Tiada kisah yang menyuguhkan kontradiksi universal, misalnya menggambarkan perjuangan untuk mengatasi kemiskinan bukan karena kedermawanan, tetapi karena keuletan menghadapi pihak-pihak yang memiskinkan. Artinya, juga harus dikatakan bahwa tidak ada sinetron yang mengisahkan perjuangan universal, perjuangan seorang anak atau remaja yang mencari sumber politis dari kemiskinan yang menimpanya. Sumber-sumber objektif dari kondisi kemiskinan tentu saja diperoleh dari kemampuan berpikir dan menganalisa. Berpikir membuat anak-anak kita cerdas dan tidak mudah diombang-ambingkan oleh keadaan.
Anak-anak yang anti-ilmiah
Lebih ekstrim lagi, solusi yang ditawarkan adalah solusi metafisik atau mistik. Kisah anak banyak didominasi oleh cerita hantu, setan, jin, tuyul, atau kisah di mana tokoh anak memiliki kekuatan mistik dalam kehidupan sehari-harinya. Menurut saya, tayangan seperti inilah yang sangat memundurkan cara berpikir generasi kita.

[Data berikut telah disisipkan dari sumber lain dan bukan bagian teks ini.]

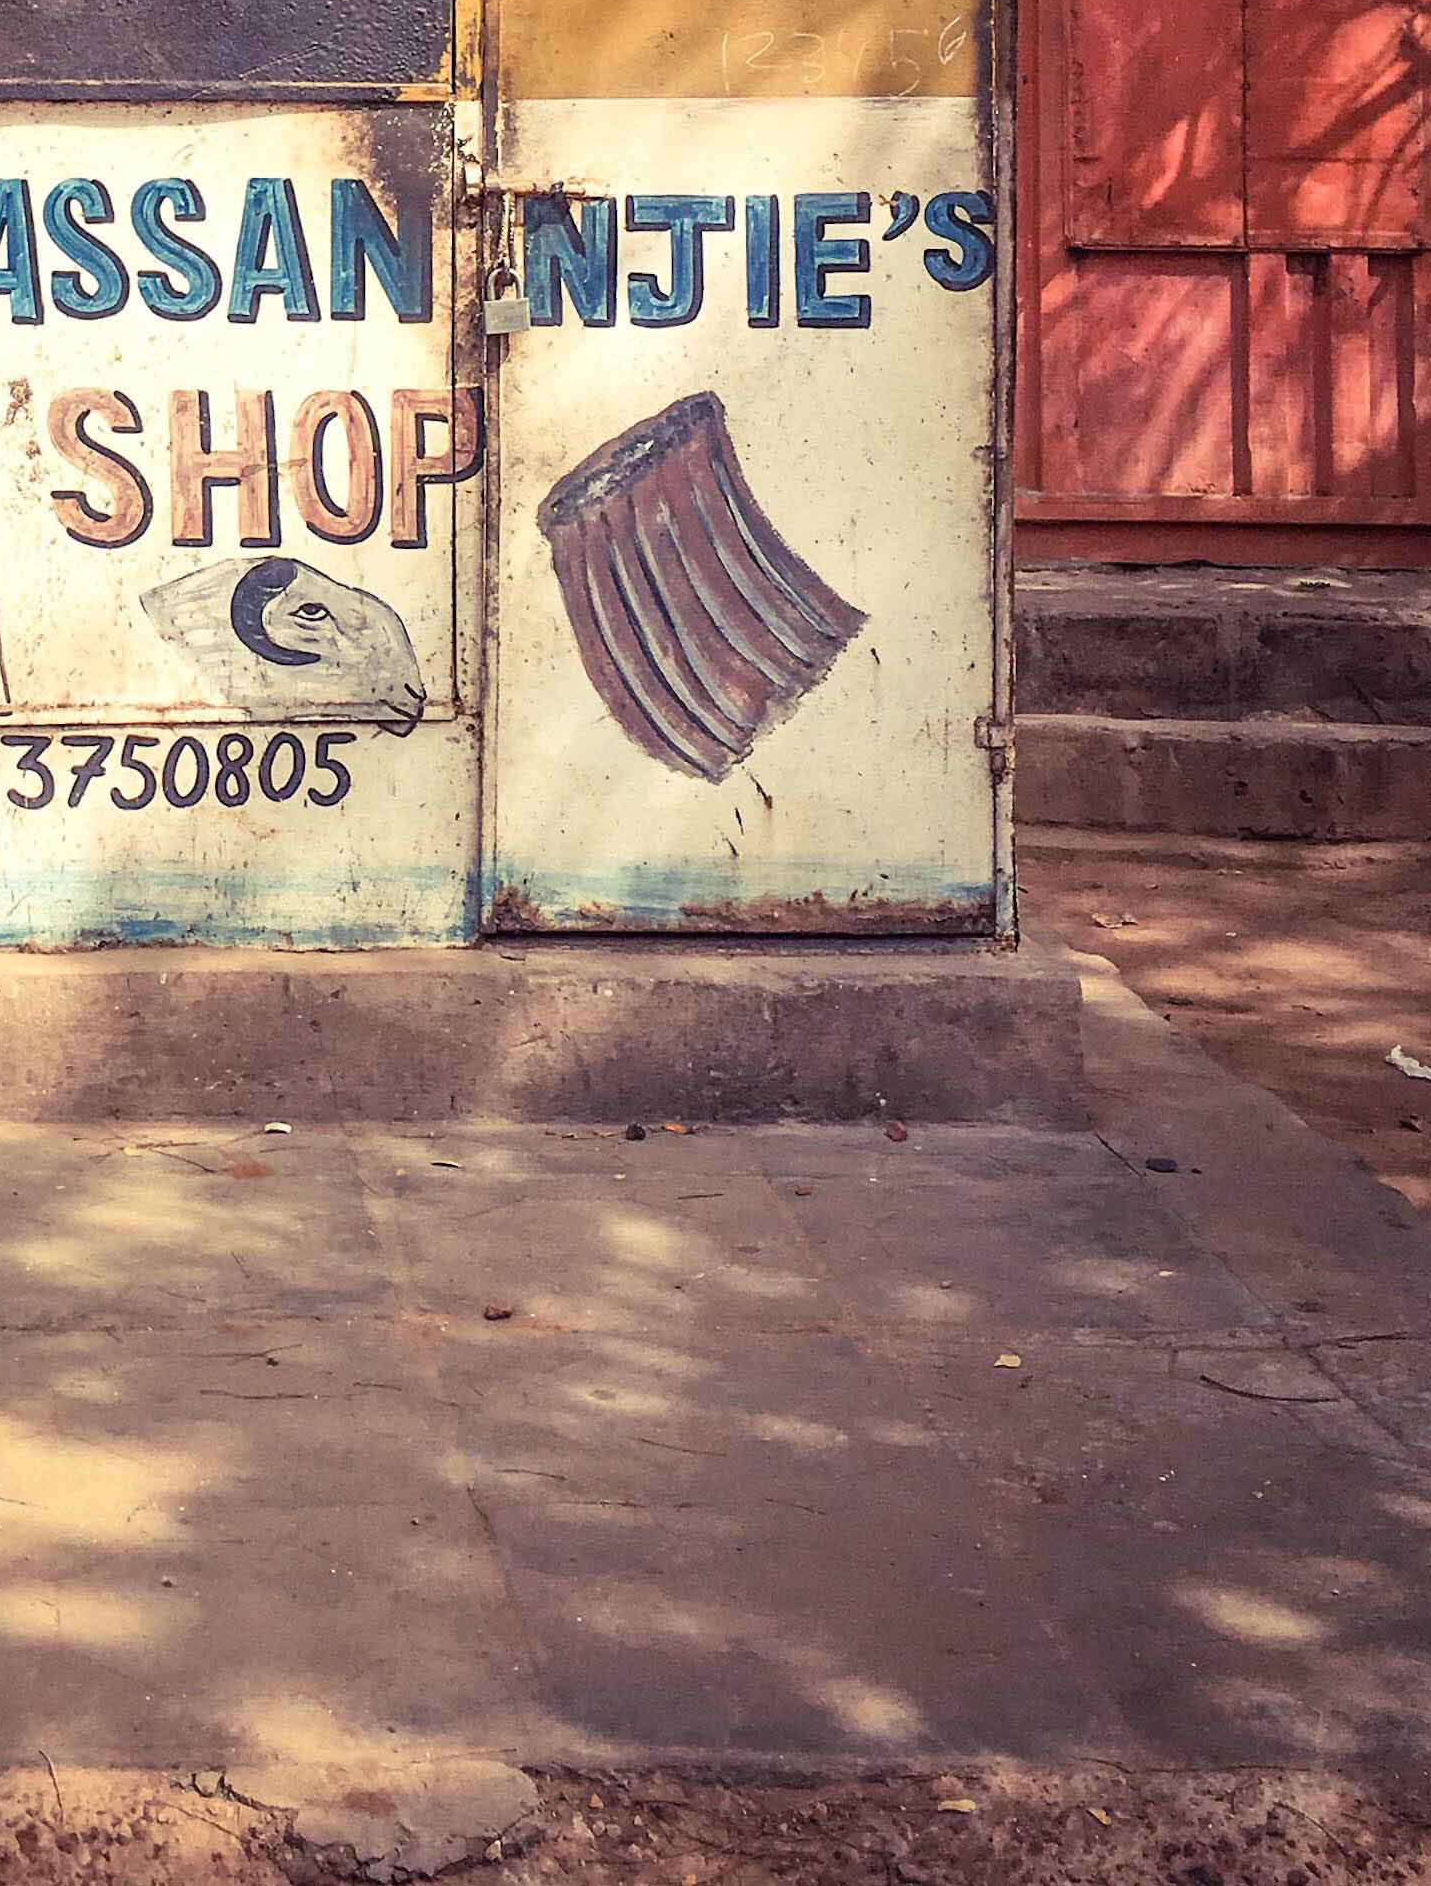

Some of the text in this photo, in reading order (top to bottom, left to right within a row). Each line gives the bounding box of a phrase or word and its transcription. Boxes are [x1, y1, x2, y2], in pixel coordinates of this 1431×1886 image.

[524, 190, 998, 329] NJIE'S
[49, 385, 485, 549] SHOP
[0, 731, 358, 811] 3750805
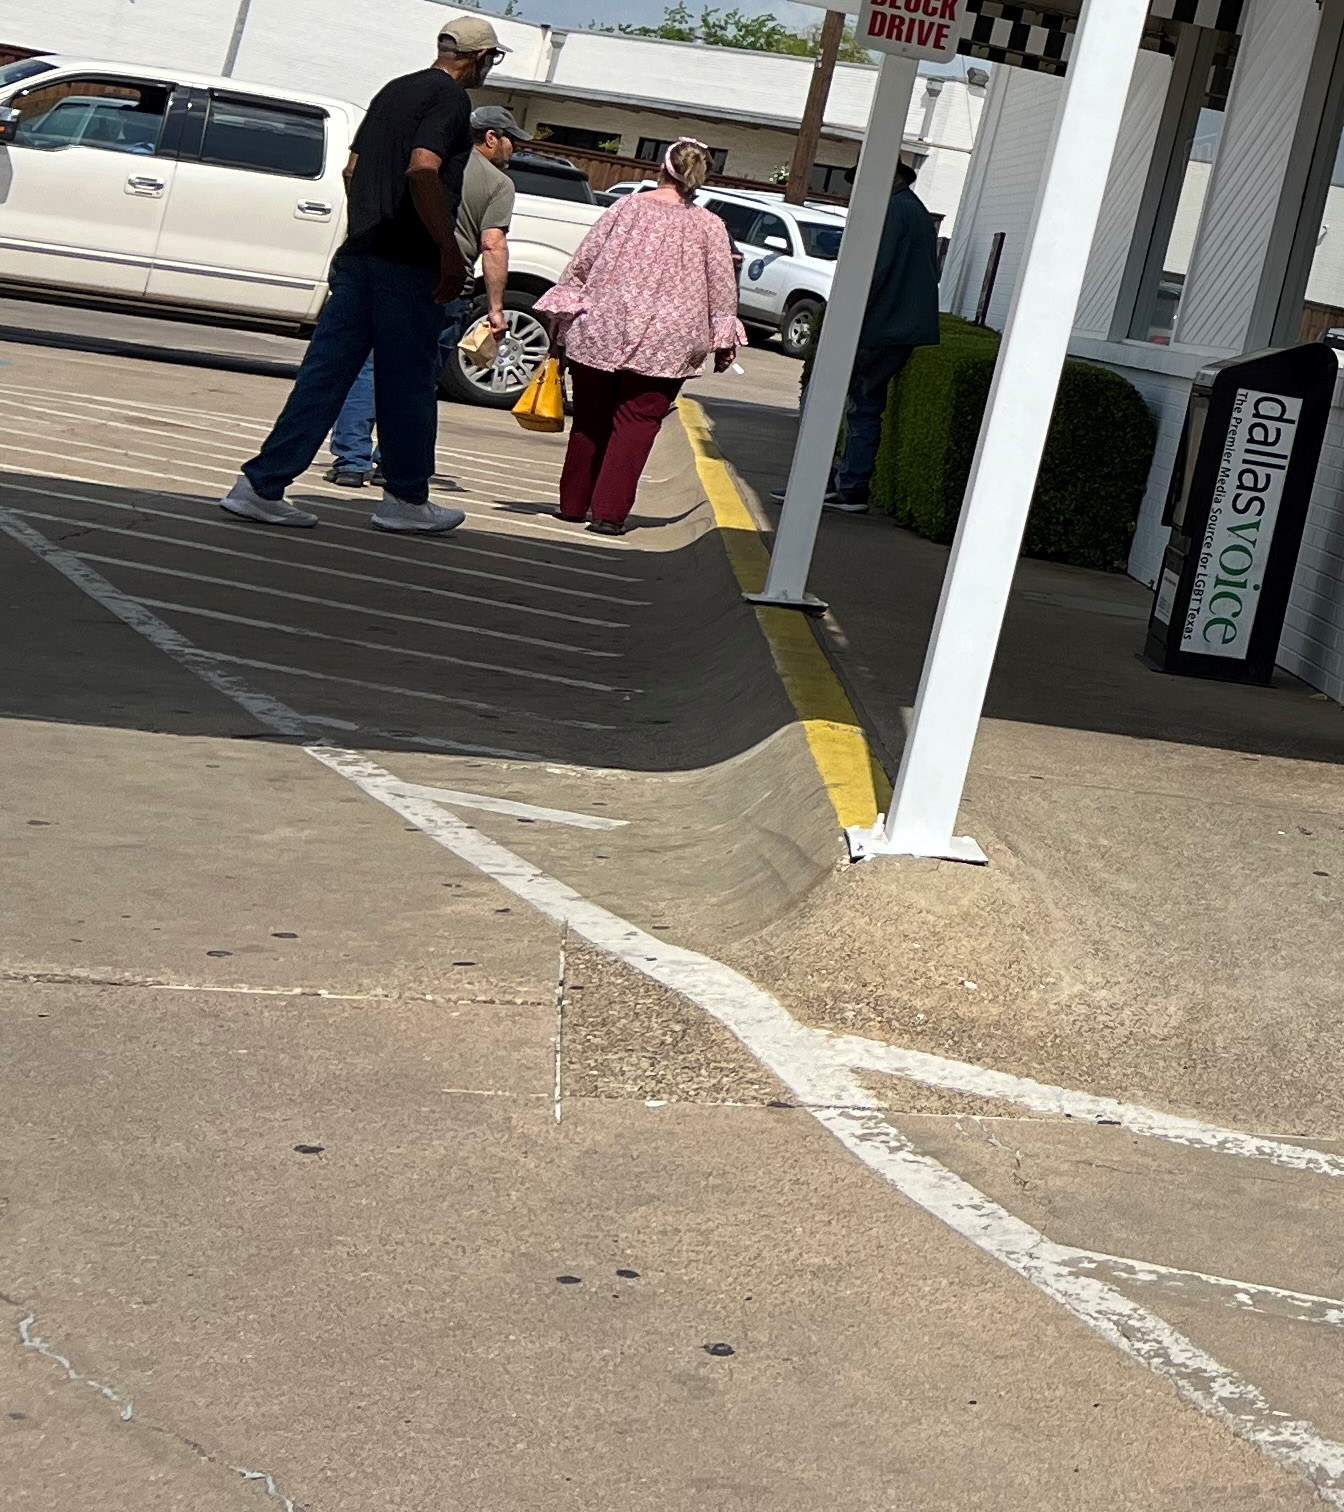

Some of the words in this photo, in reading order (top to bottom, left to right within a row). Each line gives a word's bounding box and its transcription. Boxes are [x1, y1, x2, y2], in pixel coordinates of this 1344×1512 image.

[867, 10, 951, 51] DRIVE
[1234, 391, 1249, 414] The
[1223, 416, 1243, 465] Premier
[1213, 466, 1232, 504] Media
[1203, 507, 1222, 549] Source
[1199, 551, 1213, 570] for
[1191, 572, 1209, 605] LGBT
[1183, 606, 1201, 640] Texas
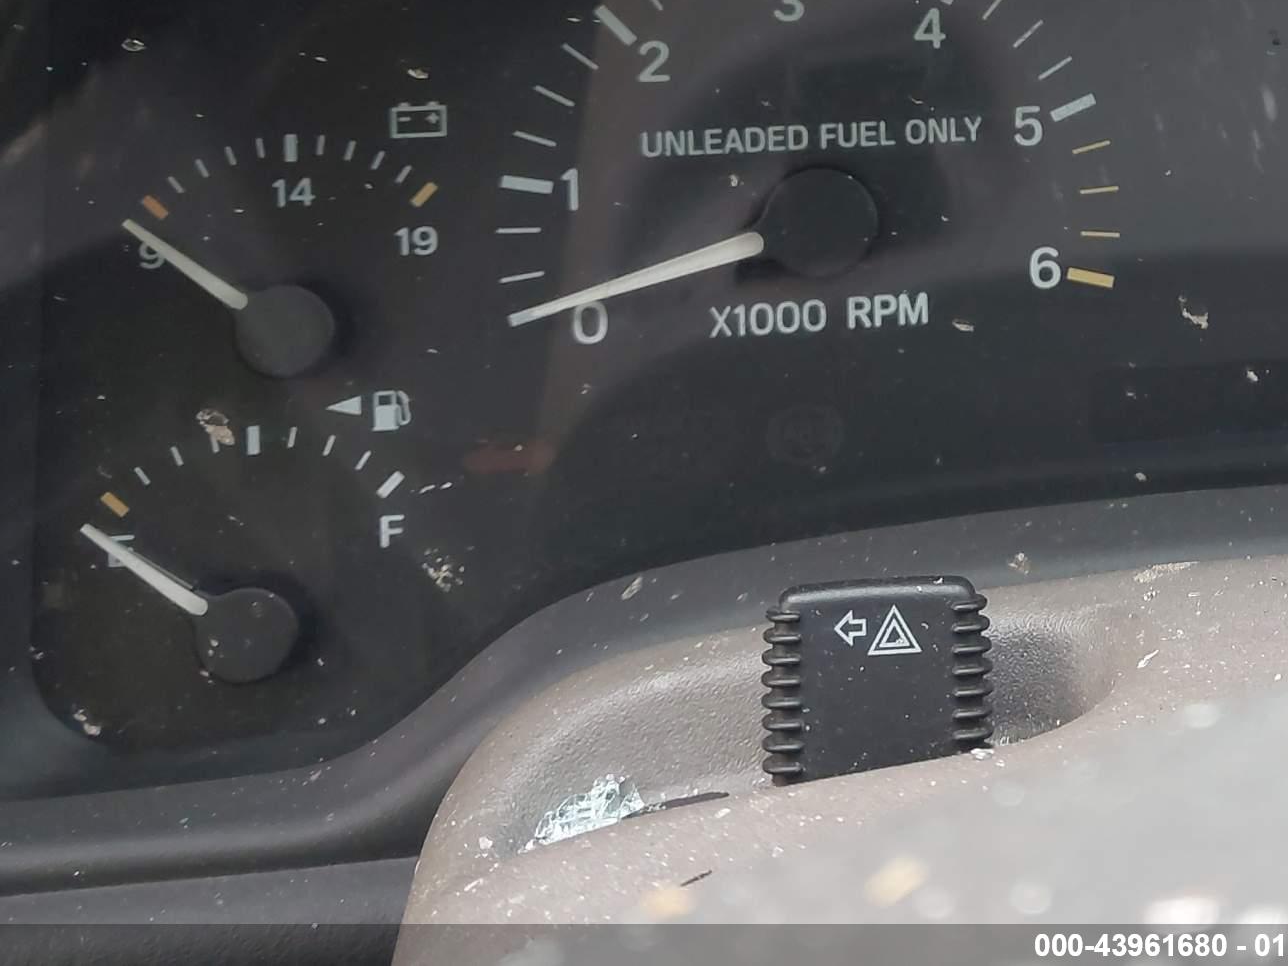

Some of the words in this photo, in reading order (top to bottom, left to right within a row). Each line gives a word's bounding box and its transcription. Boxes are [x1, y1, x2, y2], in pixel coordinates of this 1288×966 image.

[913, 7, 947, 49] 4
[638, 40, 671, 83] 2
[639, 124, 809, 158] UNLEADED
[819, 120, 897, 150] FUEL
[905, 116, 982, 145] ONLY
[1014, 105, 1043, 147] 5
[271, 177, 316, 208] 14
[561, 168, 579, 211] 1
[395, 225, 438, 256] 19
[1029, 246, 1062, 289] 6
[572, 298, 609, 344] 0
[709, 301, 827, 338] X1000
[847, 291, 929, 330] RPM
[379, 514, 405, 548] F
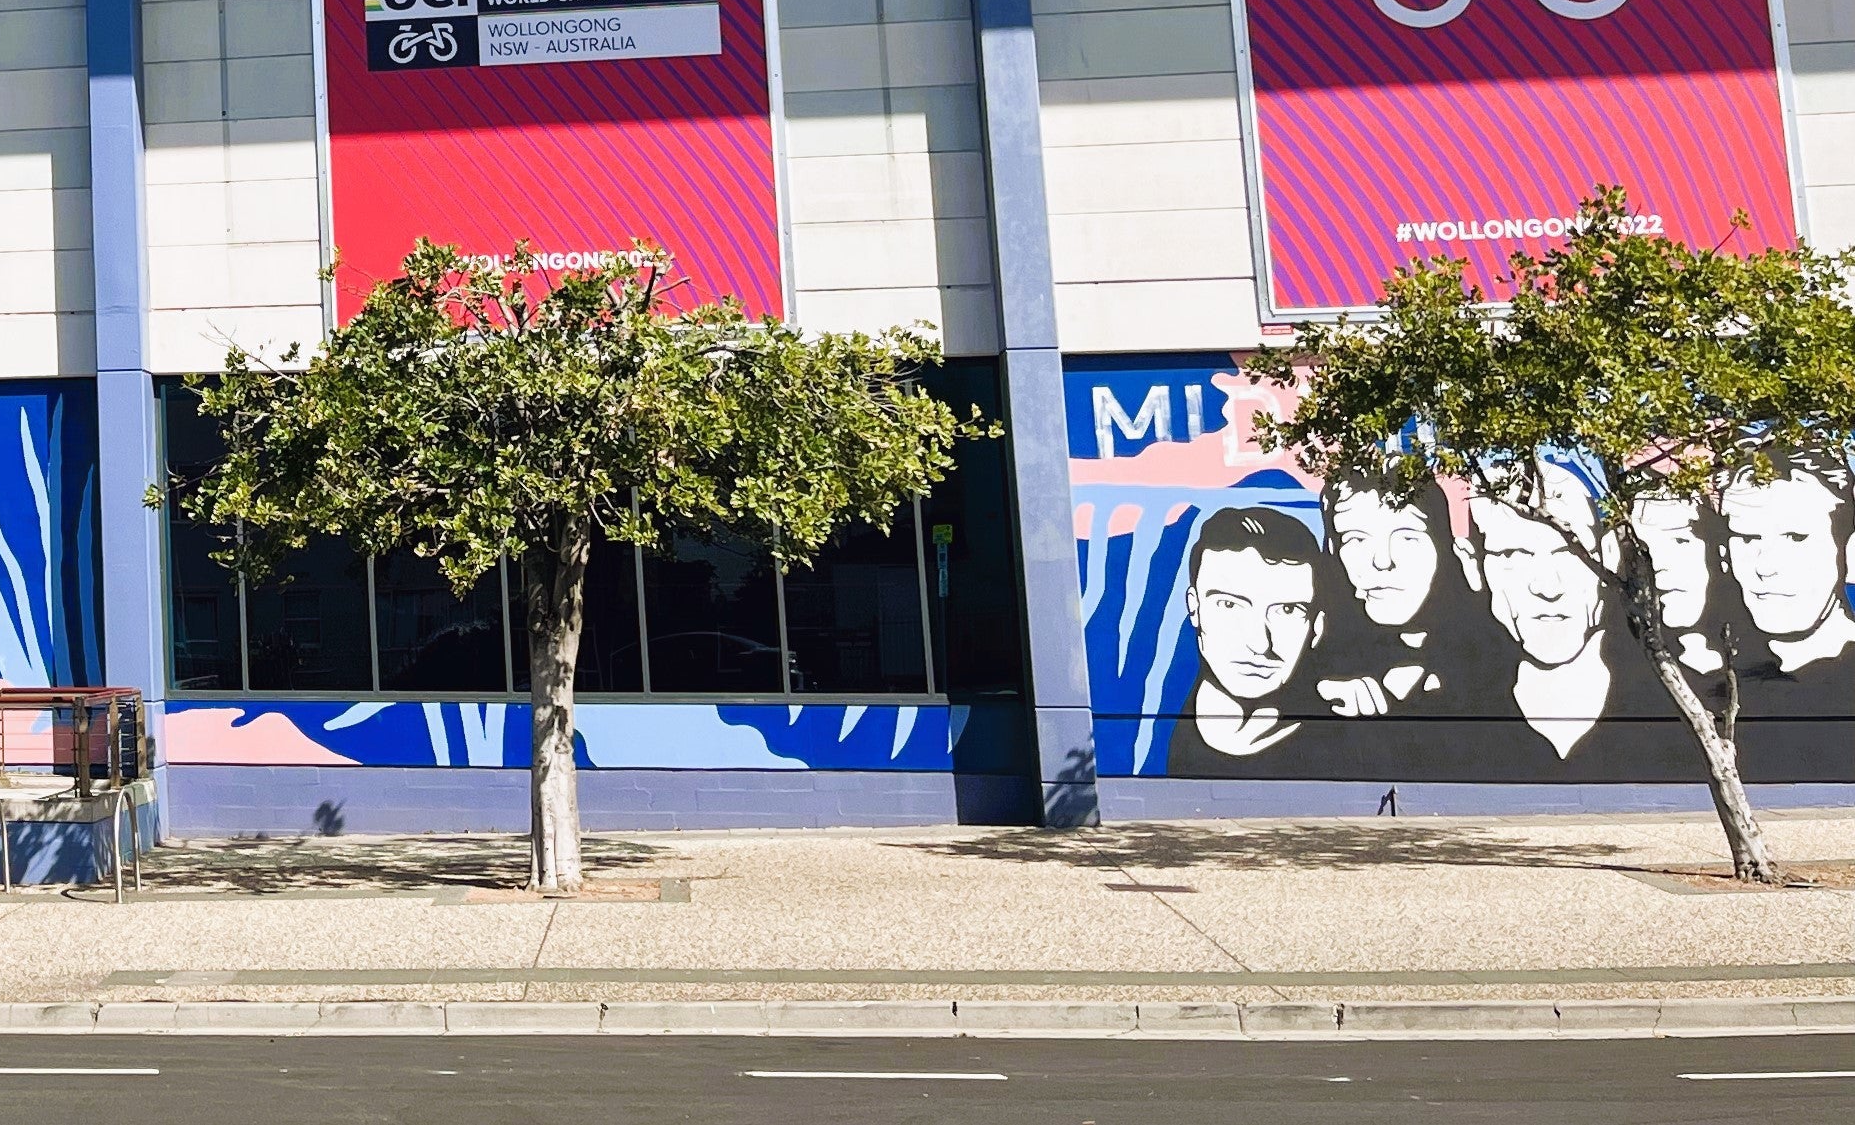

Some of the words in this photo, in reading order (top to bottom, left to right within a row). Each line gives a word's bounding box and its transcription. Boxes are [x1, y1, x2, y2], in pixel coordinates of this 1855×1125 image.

Kita dapat membandingkan dengan kisah-kisah anak dalan sinetron atau film di Barat yang mengisahkan perjalanan anak dalam memahami sebuah persoalan, petualangan, dan juga anak-anak yang berperan sebagai detektif atau membantu upaya menangkap kejahatan. Cara menangani masalahnya dengan akal, taktik, dan kemajuan teknologi dibarengi dengan analisa kritis. Tetapi anak dalam sinetron Indonesia biasanya menangkap pencuri dengan bantuan jin, kekuatan ga'ib atau mistik.
Kisah mistik ini adalah racun dalam peradaban kita yang telah memasuki era modern. Bukan hanya sinetron anak, hampir semua kisah sinema baik elektronik maupun layar lebarpun juga mengeksploitasi horor dan ketakutan karena hantu ini. Nampaknya memang tak pernah dipikirkan bahwa kisah ini hanya akan menyebarkan ideologi dan perasaan fatalisme di kalangan generasi.
Anak-anak Indonesia yang menonton tayangan mistik tentunya akan mempercayai bawa dunia dikendalikan oleh logika mistik. Logika kritis dan pencarian kebenaran objektif dan dialektis tidak akan dimiliki lagi. Dan seakan-akan, tujuan pendidikan untuk menciptakan generasi berpikir modern juga bertabrakan dengan kepentingan para pembuat sinetron hantu yang tidak memikirkan upaya pencerahan di masyarakat. Atau jangan-jangan, ada kepntingan besar yang sengaja dilakukan untuk membawa masyarakat kita kembali ke jaman kegelapan.
Jaman kegelapan dicirikan dengan adanya upaya mengembalikan segala persoalan kpada mistik atau suatu di luar logika material-dialektis. Karena orang semata-mata memahami bahwa apa yang menimpa dirinya disebabkan dan diakhiri (dipecahkan dengan) logika mistik, moral tradisional, dan reliji. Orang menderita dianggap karena takdir dan solusi dari persoalan masyarakat haruslah berserah diri semata.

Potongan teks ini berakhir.